___ EXERCISE INPUT

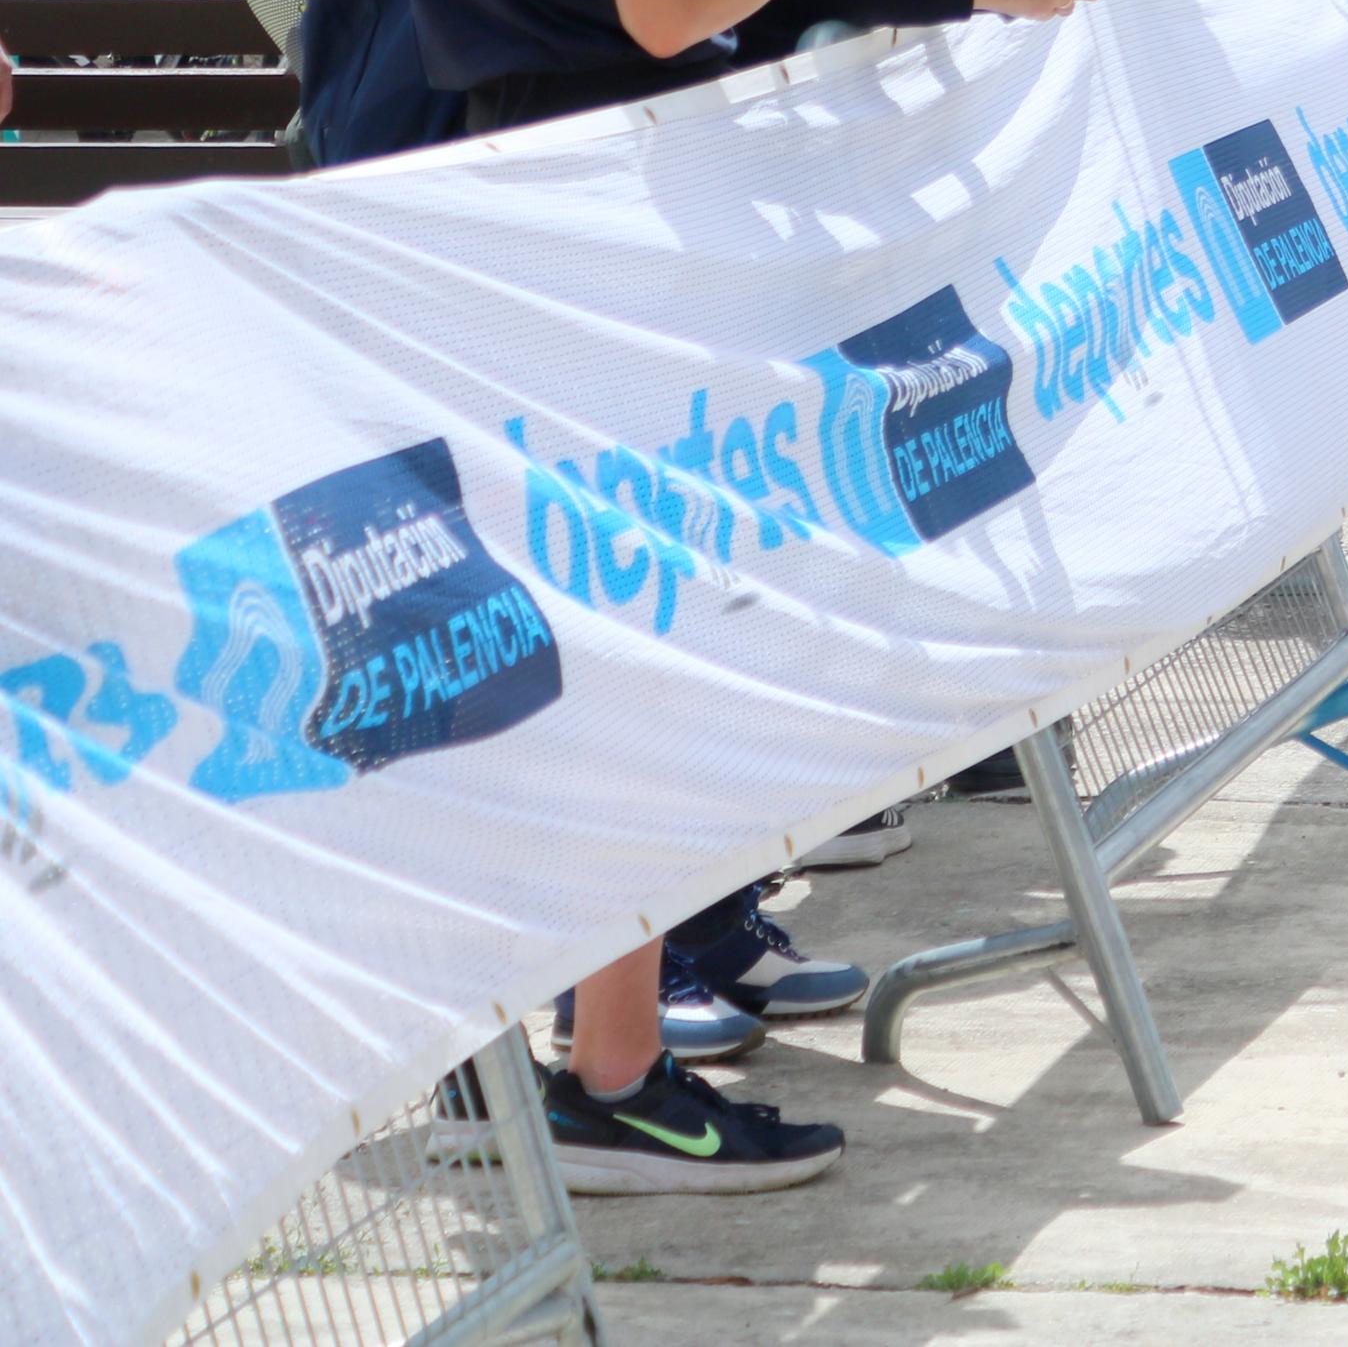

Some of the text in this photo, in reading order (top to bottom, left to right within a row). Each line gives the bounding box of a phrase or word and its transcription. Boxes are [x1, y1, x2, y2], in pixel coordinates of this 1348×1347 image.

[1253, 218, 1335, 291] DE PALENCIA
[893, 395, 1013, 503] DE PALENCIA
[301, 503, 467, 629] Diputación
[319, 585, 550, 740] DE PALENCIA
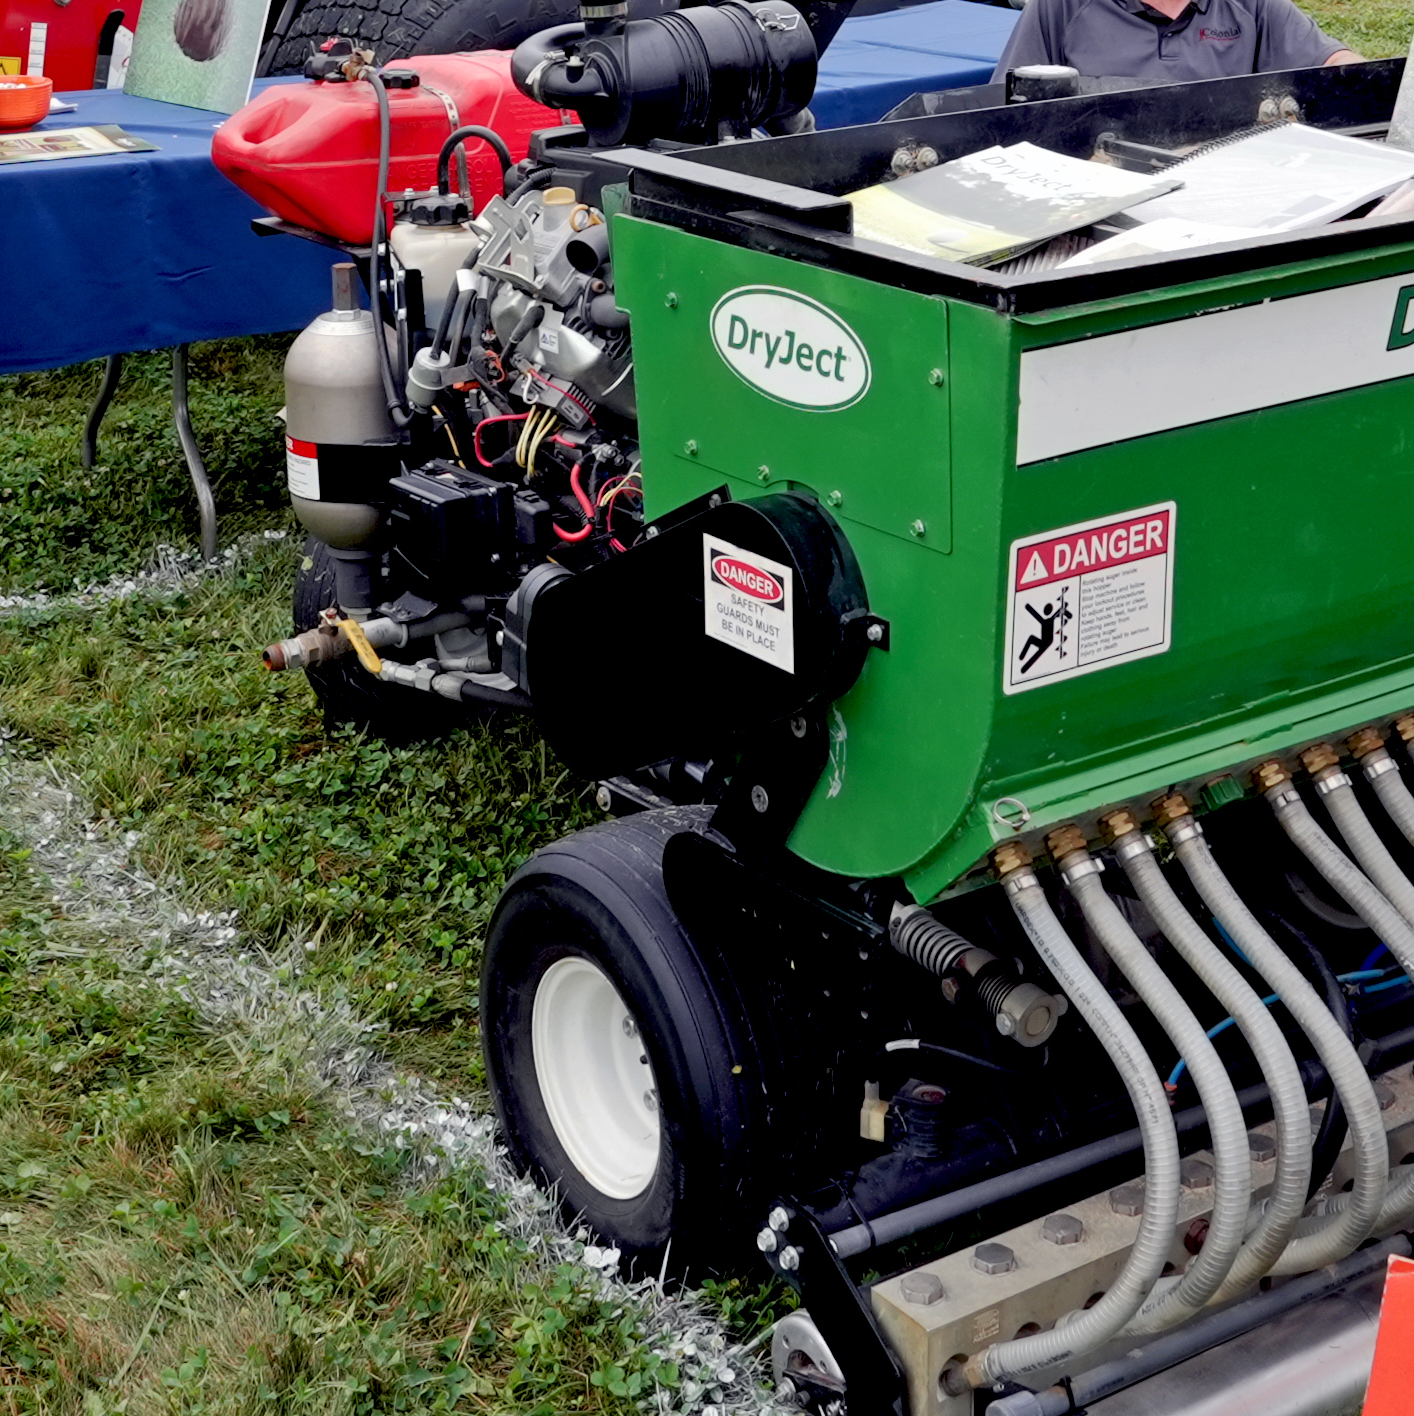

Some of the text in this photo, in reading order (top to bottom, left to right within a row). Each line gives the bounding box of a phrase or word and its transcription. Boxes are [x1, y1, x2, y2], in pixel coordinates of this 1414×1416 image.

[1202, 24, 1242, 38] Colonial
[980, 155, 1072, 191] DryJect
[727, 313, 847, 382] DryJect
[1053, 519, 1163, 575] DANGER
[720, 561, 774, 598] DANGER
[717, 603, 780, 638] GUARDS MUST
[731, 593, 765, 616] SAFETY
[722, 619, 733, 632] BE
[736, 625, 744, 637] IN
[747, 630, 776, 651] PLACE

______

- **WHAT NEEDS TO BE DONE**
Every record above should come back exactly, but without its pictures.

- **SOLUTION TO THE PROBLEM**
Some of the text in this photo, in reading order (top to bottom, left to right within a row). Each line gives the bounding box of a phrase or word and its transcription. Boxes are [x1, y1, x2, y2], in pixel coordinates of this 1348×1347 image.

[1253, 218, 1335, 291] DE PALENCIA
[893, 395, 1013, 503] DE PALENCIA
[301, 503, 467, 629] Diputación
[319, 585, 550, 740] DE PALENCIA

Some of the text in this photo, in reading order (top to bottom, left to right within a row). Each line gives the bounding box of a phrase or word and its transcription. Boxes are [x1, y1, x2, y2], in pixel coordinates of this 1414×1416 image.

[1202, 24, 1242, 38] Colonial
[980, 155, 1072, 191] DryJect
[727, 313, 847, 382] DryJect
[1053, 519, 1163, 575] DANGER
[720, 561, 774, 598] DANGER
[717, 603, 780, 638] GUARDS MUST
[731, 593, 765, 616] SAFETY
[722, 619, 733, 632] BE
[736, 625, 744, 637] IN
[747, 630, 776, 651] PLACE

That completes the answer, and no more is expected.